Esattamente un anno prima di morire, Sir Frederic Leighton dipinse Flaming June (traducibile in Avvampante giugno o Giugno fiammeggiante). La tela non piacque quasi a nessuno, perché considerata impersonale ed asettica, lontana persino dai monumentali canoni della pittura vittoriana. Forse per questo motivo e per la morte inaspettata di un seppur anziano Leighton nel 1896, l’opera si consegnò involontariamente tra le cupe braccia dell’oblio. Fu la riscoperta nei primi anni ’60 dello scorso secolo a rappresentare per il dipinto un nuovo inizio. La donna che veste d’arancio oggi è sinonimo di capolavoro, splendore artistico di una raffinatezza disarmante, esempio illustre della matura arte vittoriana.

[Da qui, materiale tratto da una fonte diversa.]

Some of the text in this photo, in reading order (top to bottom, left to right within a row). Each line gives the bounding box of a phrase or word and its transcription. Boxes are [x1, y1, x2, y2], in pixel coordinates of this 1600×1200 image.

La storia prima di tutto, come sempre d’altronde. Frederic Leighton in principio volle inserire il soggetto di Avvampante giugno come dettaglio di un’opera maggiore: Sonno estivo. L’artista si affezionò all’opera, decidendo di dar vita ad un dipinto autonomo. Il quadro poté dirsi realizzato già durante gli ultimi mesi del 1895, per la gioia del suo creatore e delle sue tasche. Sì, perché all’indomani della sua morte (gennaio ’96) i redattori del giornale artistico The Graphics acquistarono l’olio su tela 120×120 cm. Da lì, non si sa bene secondo quali vie, l’opera finì in un’esposizione targata Ashmolean Museum di Oxford. Un onore riservato a pochi, che tuttavia non garantì alla creazione di Leighton successive fortune e riguardi. Tutt’altro.

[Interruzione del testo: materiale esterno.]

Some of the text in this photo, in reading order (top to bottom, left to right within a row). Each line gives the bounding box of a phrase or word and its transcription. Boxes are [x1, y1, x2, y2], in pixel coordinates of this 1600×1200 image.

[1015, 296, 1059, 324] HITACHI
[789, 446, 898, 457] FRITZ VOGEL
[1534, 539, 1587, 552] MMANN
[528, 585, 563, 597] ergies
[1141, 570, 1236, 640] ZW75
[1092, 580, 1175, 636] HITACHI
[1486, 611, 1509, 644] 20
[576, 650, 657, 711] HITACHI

Di essa si persero completamente le tracce fino al 1960, anno in cui degli anonimi fanno risalire il primo “avvistamento” della tela all’interno di una casa di Battersea, quartiere sud-occidentale di Londra. Addirittura gira una voce per la quale il produttore britannico Andrew Lloyd Webber avrebbe adocchiato il dipinto, innamorandosene all’istante. Essendo senza un soldo, chiese alla nonna 50 sterline per l’acquisto. La nonna non concesse il prestito asserendo “Non avrò della spazzatura vittoriana nel mio appartamento”. Leggenda o verità, la scarsa considerazione dell’anziana fu l’atteggiamento che molti altri, prima di lei, adottarono di fronte a Flaming June, compartecipando al suo abbandono.

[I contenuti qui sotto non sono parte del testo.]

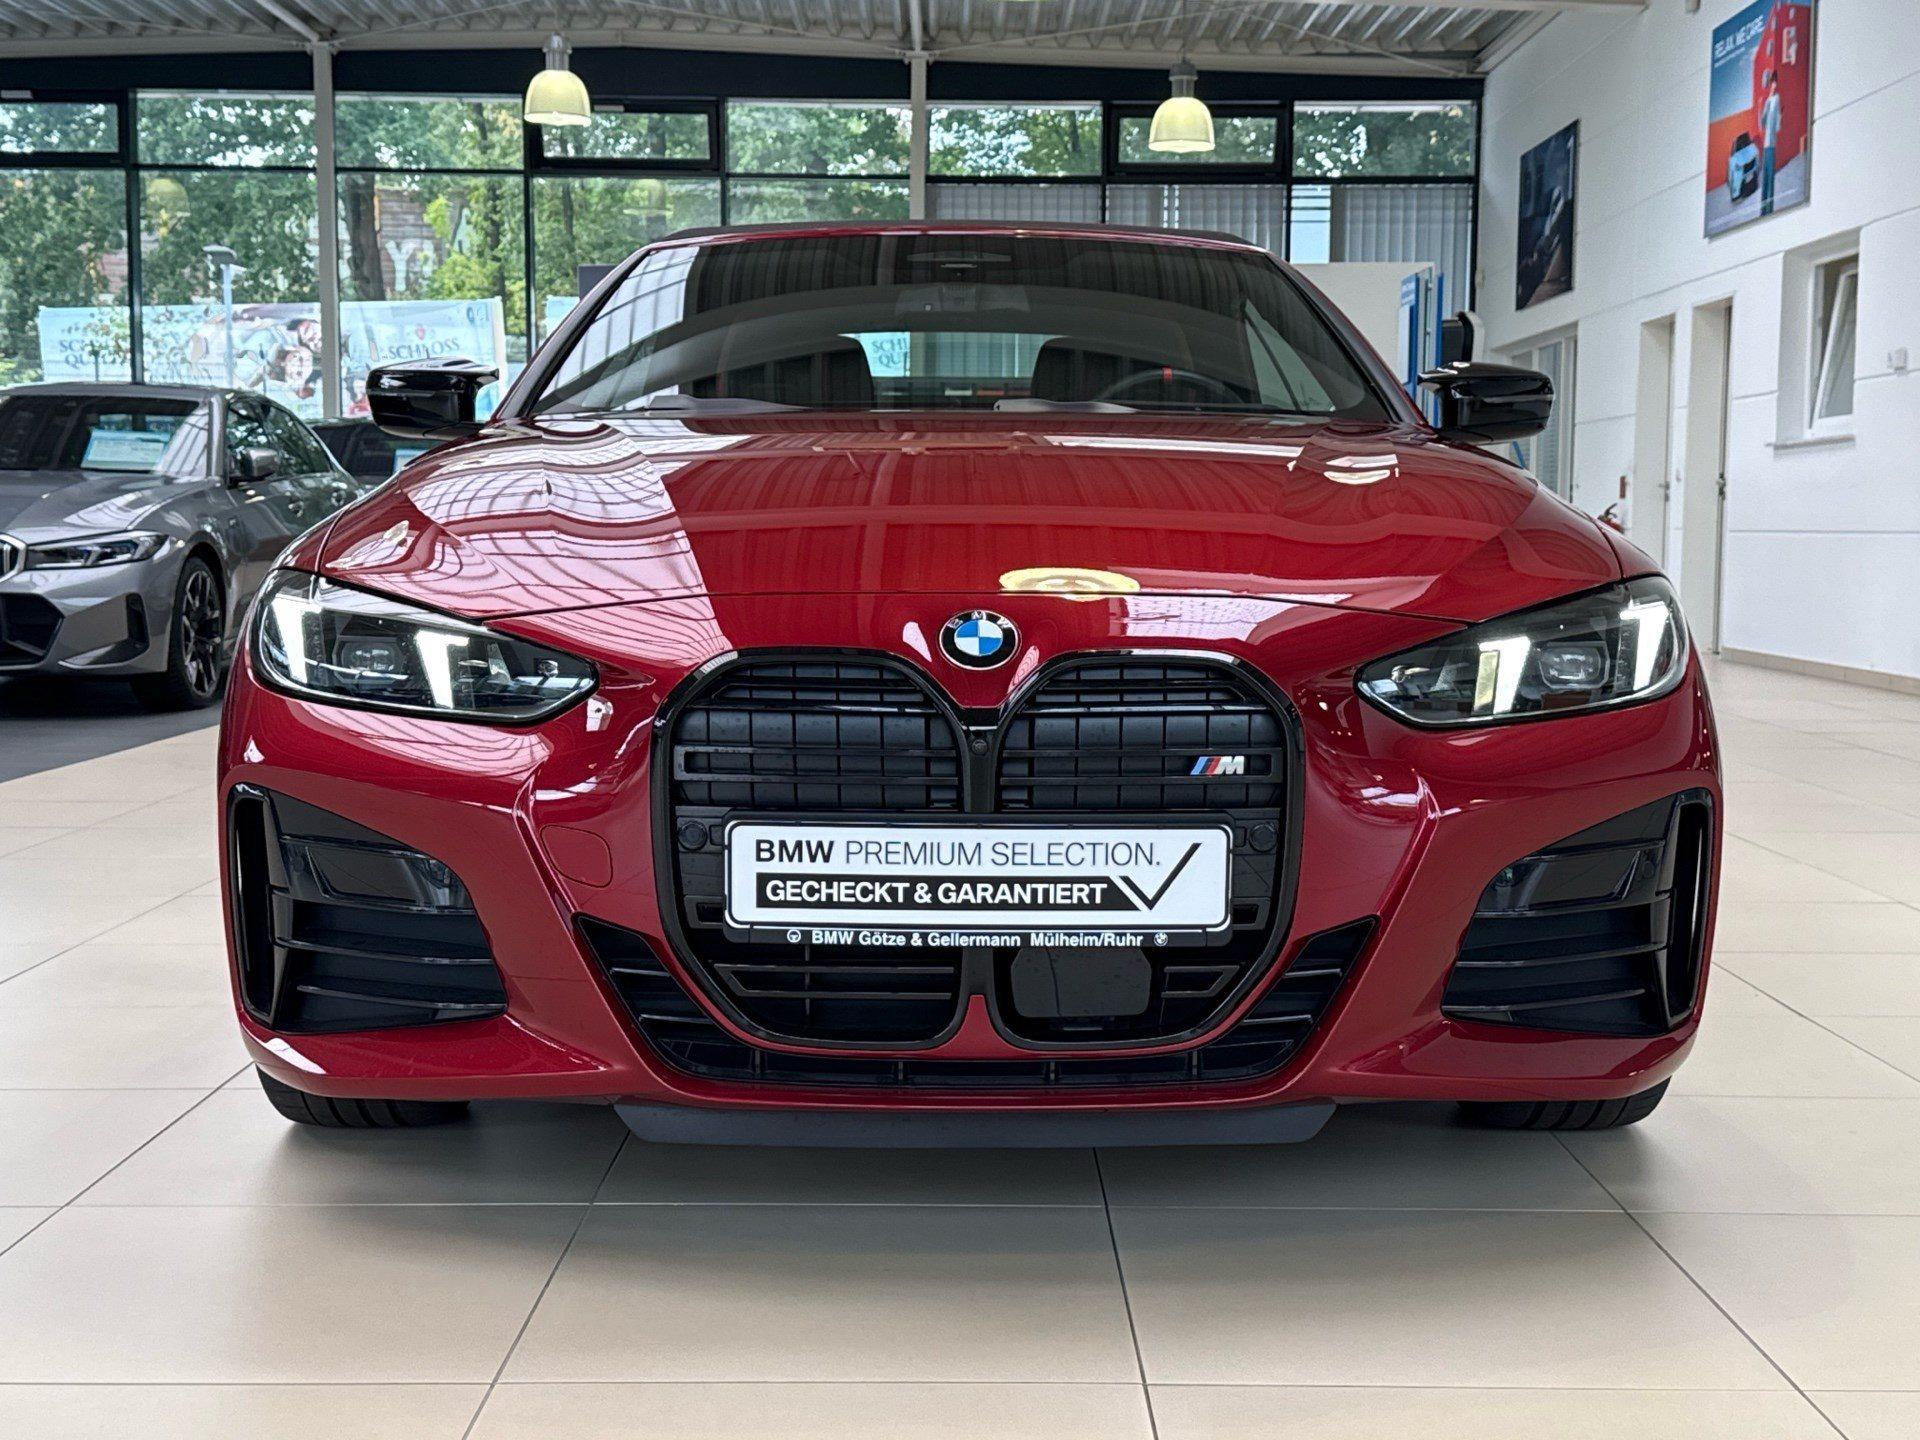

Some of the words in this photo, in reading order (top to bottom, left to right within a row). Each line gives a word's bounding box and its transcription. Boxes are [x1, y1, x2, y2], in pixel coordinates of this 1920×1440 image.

[755, 838, 835, 864] BMW
[845, 840, 982, 867] PREMIUM
[990, 841, 1161, 867] SELECTION.
[765, 879, 910, 903] GECHECKT
[913, 882, 933, 904] &
[937, 882, 1108, 905] GARANTIERT
[811, 929, 855, 946] BMW
[858, 931, 906, 948] Götze
[910, 933, 924, 947] &
[927, 932, 1021, 948] Gellermann
[1030, 932, 1144, 948] Mülheim/Ruhr

Nel 1963 Luis A. Ferré, un magnate portoricano in viaggio nel Vecchio Continente, acquista Avvampante giugno per meno di 1.000 $ in una casa d’aste olandese. Adeguatamente imballata la tela attraversò l’Atlantico, giungendo a Porto Rico, e per la precisione nel Museo d’Arte di Ponce. L’ente museale ancora oggi ne conserva la proprietà, pur cedendo l’opera in prestito quasi a cadenza annuale. Incredibile ma vero, è a Porto Rico che la fama raggiunge il capolavoro di Leighton, a più di 70 anni dalla sua dipartita. Consacrazione della bella dormiente è senz’altro l’esposizione del 2009 al Prado, dove molti critici conclusero che per forma, colori e iconografia, il quadro fosse l’emblema del movimento artistico vittoriano.
Si è parlato pocanzi di forme, di colori e di scelta stilistica nella composizione dell’immagine. Il perché è sotto gli occhi di tutti. Il soggetto dell’opera, di chiara ed evidente ispirazione classica, è una donna che riposa su di un divanetto marmoreo. Sullo sfondo il mare è quieto, bagnato d’oro per utilizzare una fortunata perifrasi dello storico dell’arte Andrew Graham-Dixon. Il tramonto irradia la scena col suo rossore che ben si sposa con l’arancione della veste. La semitrasparenza di quest’ultima lascia all’osservatore spazio di manovra per indovinare le forme della bellissima ninfa. Il dettaglio dell’oleandro in alto a destra è simbolismo puro: la morte e il sonno, una differenza apparente per il fatalista Leighton.
Non è difficile meravigliarsi di fronte al contrasto del candido marmo con l’acre della vestaglia. Così come è assai complicato non sottolineare l’oggettivo realismo del tessuto, che nasconde quanto può ma che traspare quanto basta per non scadere nell’erotismo, sorvolando con dignità il largo campo della sensualità. Avvampante giugno probabilmente fu per Leighton il sogno di un’estate, l’ultima della sua vita.